• **PROMPT**: Nothing but the text of the records belongs in your answer: repeat all of it exactly and leave out the images.
--- START ---
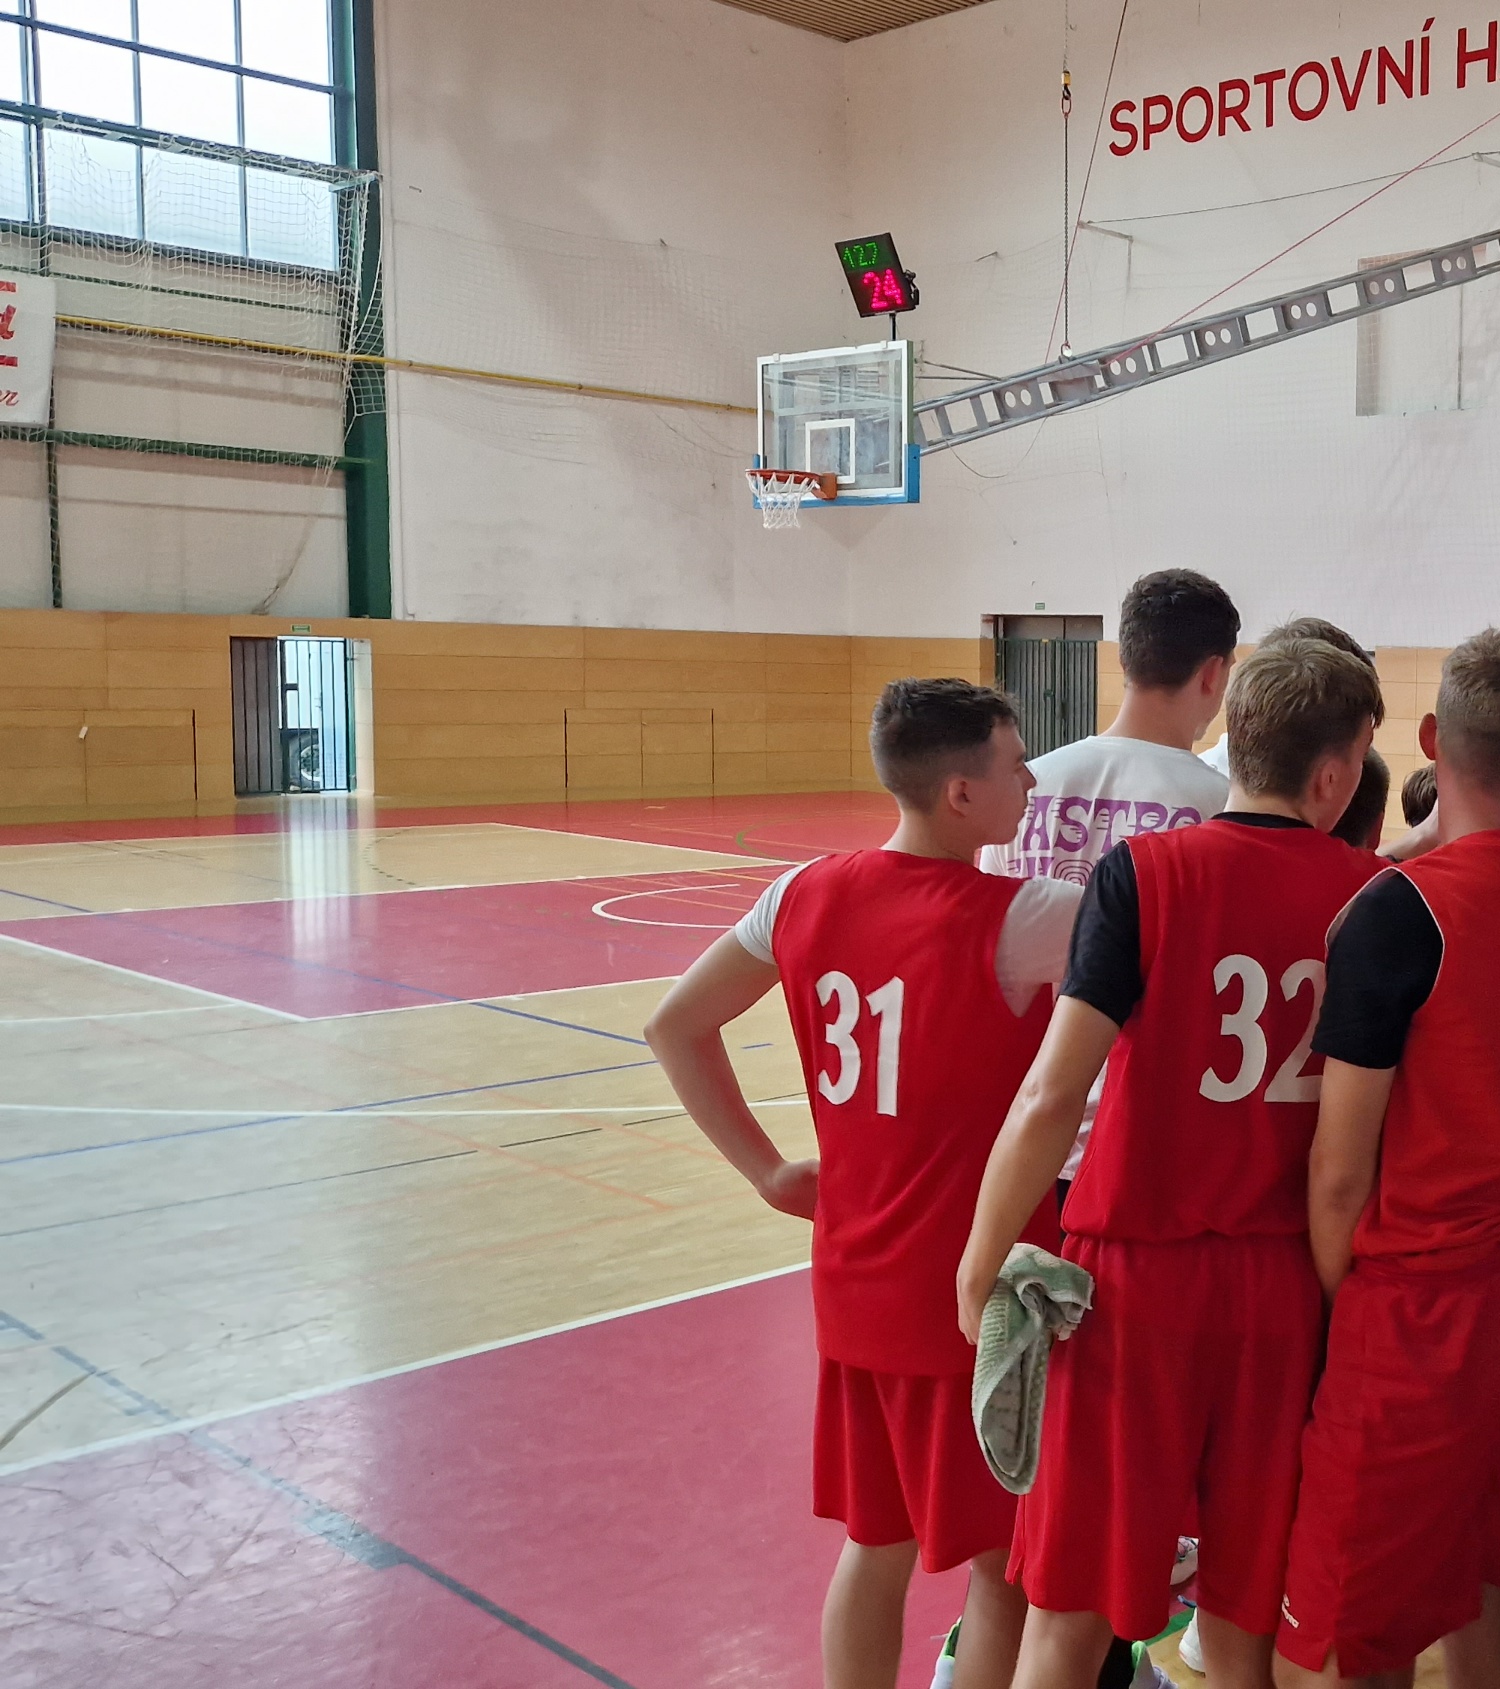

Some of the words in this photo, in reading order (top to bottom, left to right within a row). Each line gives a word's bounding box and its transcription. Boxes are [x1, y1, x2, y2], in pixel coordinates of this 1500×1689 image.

[1109, 17, 1435, 156] SPORTOVNÍ
[863, 269, 902, 309] 24
[815, 970, 904, 1117] 31
[1199, 954, 1327, 1103] 32
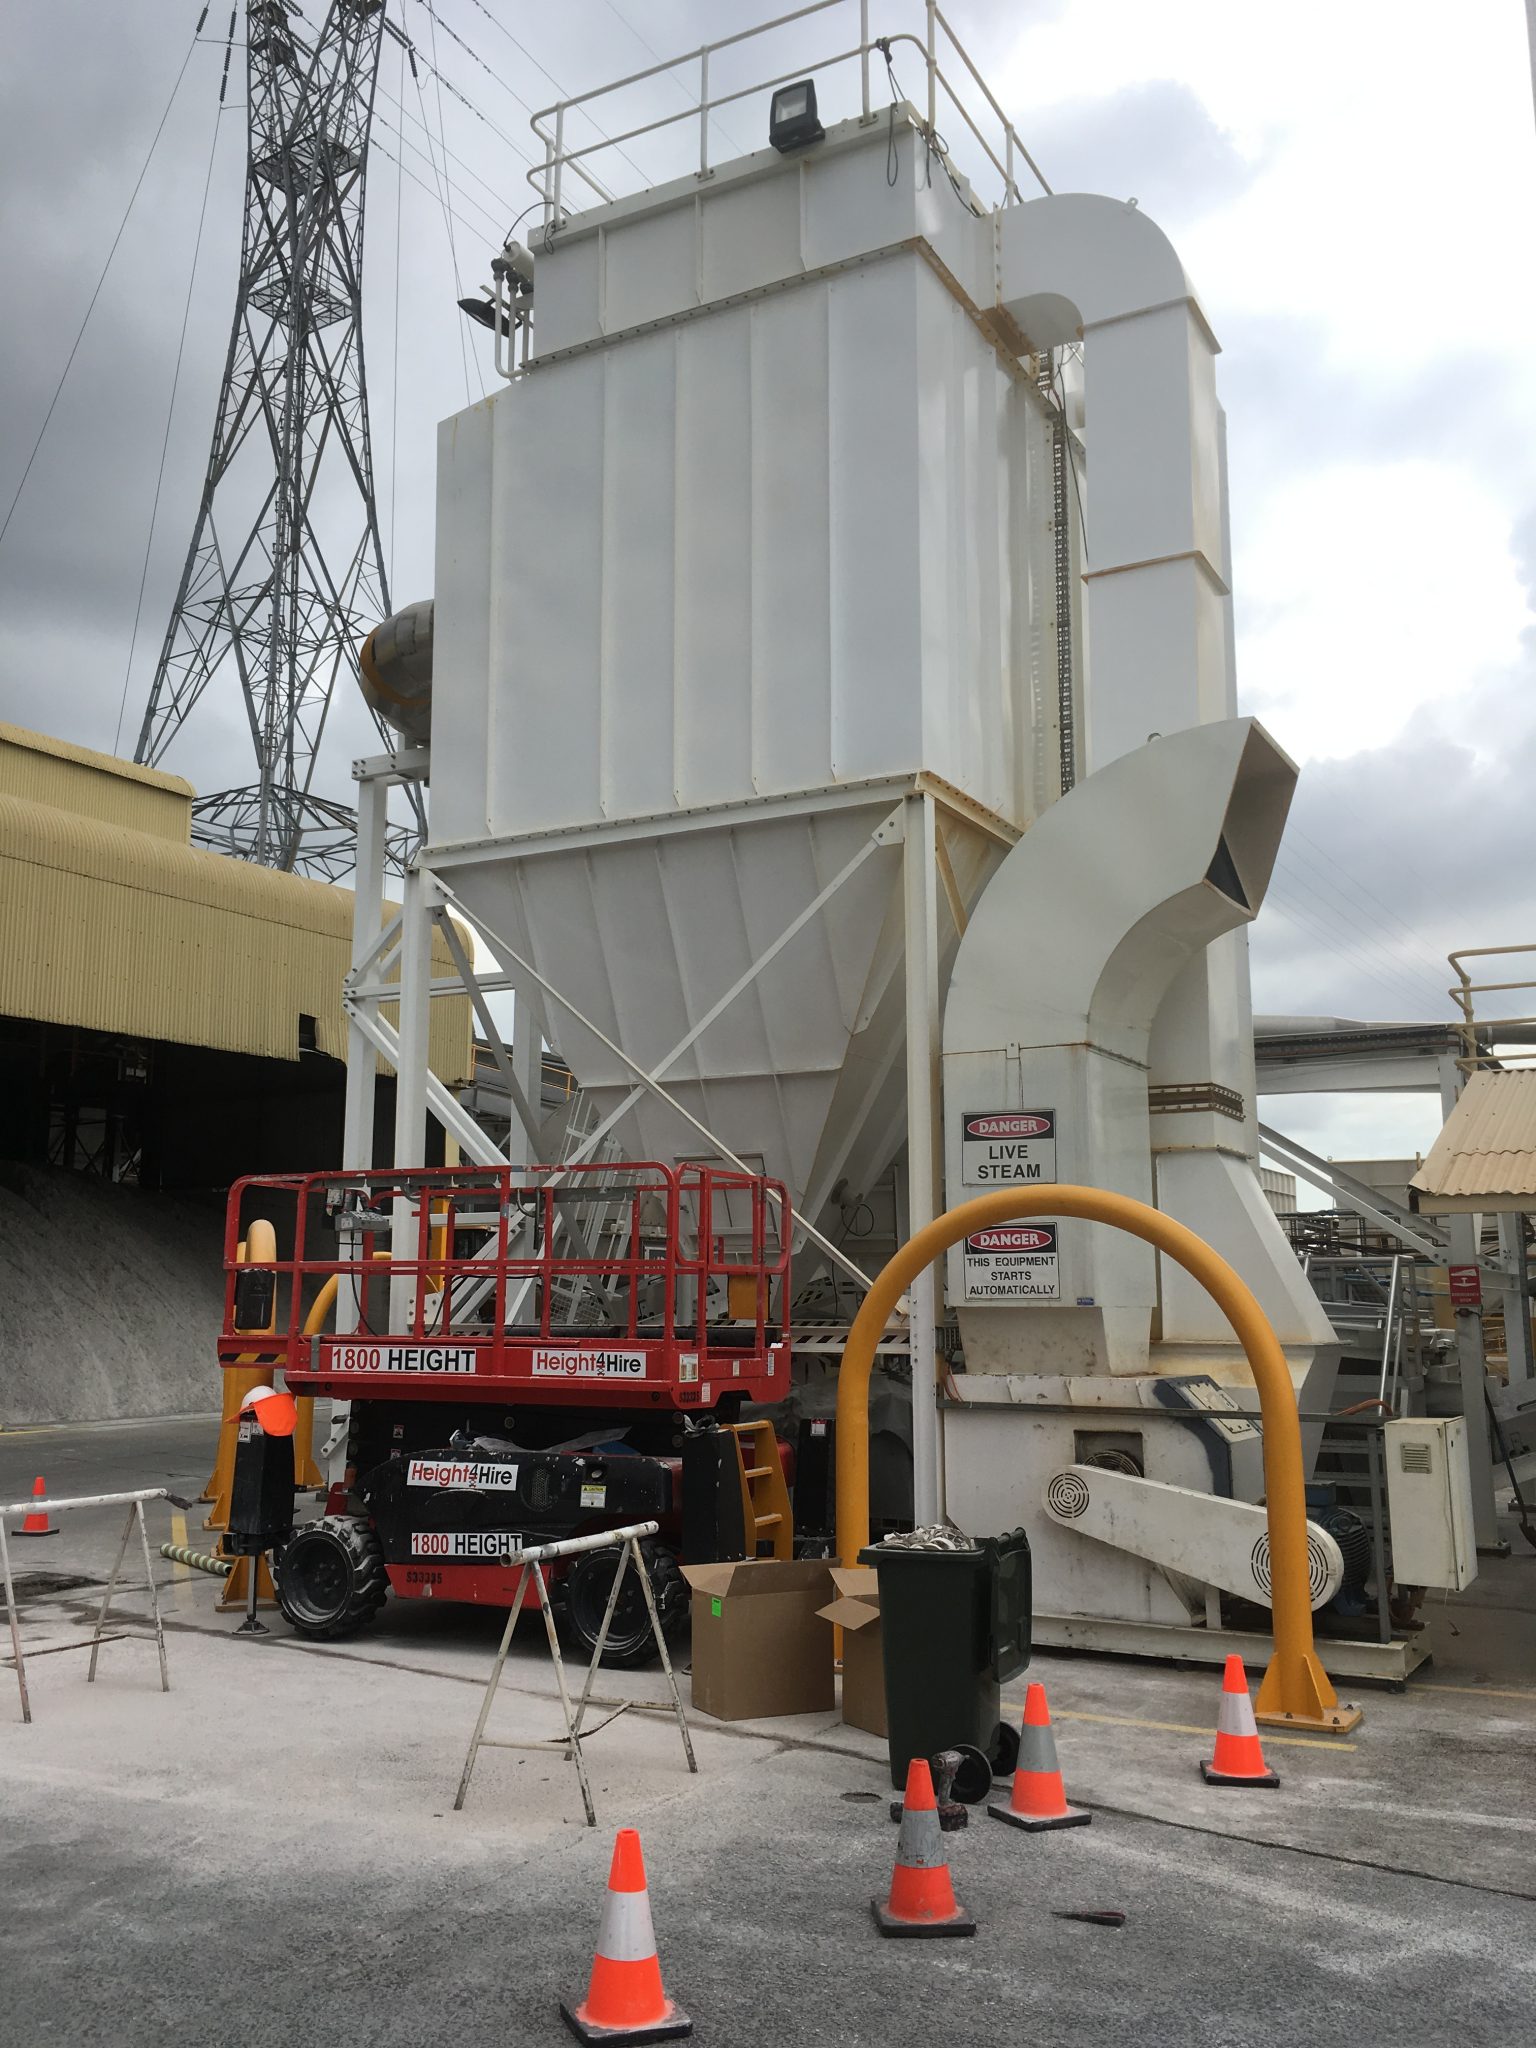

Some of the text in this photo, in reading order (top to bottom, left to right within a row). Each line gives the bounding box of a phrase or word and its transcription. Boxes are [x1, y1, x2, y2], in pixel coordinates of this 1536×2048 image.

[979, 1119, 1038, 1133] DANGER
[989, 1145, 1028, 1160] LIVE
[978, 1163, 1041, 1179] STEAM
[980, 1233, 1040, 1246] DANGER
[967, 1256, 1056, 1267] THIS EQUIPMENT
[990, 1271, 1032, 1281] STARTS
[969, 1285, 1055, 1295] AUTOMATICALLY
[333, 1348, 476, 1371] 1800 HEIGHT
[536, 1352, 642, 1375] Height4Hire
[411, 1462, 513, 1487] Height4Hire
[412, 1534, 522, 1555] 1800 HEIGHT
--- END ---
• **OUTPUT BELOW**:
Some of the words in this photo, in reading order (top to bottom, left to right within a row). Each line gives a word's bounding box and its transcription. Boxes are [x1, y1, x2, y2], in pixel coordinates of this 1500×1689 image.

[1109, 17, 1435, 156] SPORTOVNÍ
[863, 269, 902, 309] 24
[815, 970, 904, 1117] 31
[1199, 954, 1327, 1103] 32

Some of the text in this photo, in reading order (top to bottom, left to right within a row). Each line gives the bounding box of a phrase or word and its transcription. Boxes are [x1, y1, x2, y2], in pixel coordinates of this 1536×2048 image.

[979, 1119, 1038, 1133] DANGER
[989, 1145, 1028, 1160] LIVE
[978, 1163, 1041, 1179] STEAM
[980, 1233, 1040, 1246] DANGER
[967, 1256, 1056, 1267] THIS EQUIPMENT
[990, 1271, 1032, 1281] STARTS
[969, 1285, 1055, 1295] AUTOMATICALLY
[333, 1348, 476, 1371] 1800 HEIGHT
[536, 1352, 642, 1375] Height4Hire
[411, 1462, 513, 1487] Height4Hire
[412, 1534, 522, 1555] 1800 HEIGHT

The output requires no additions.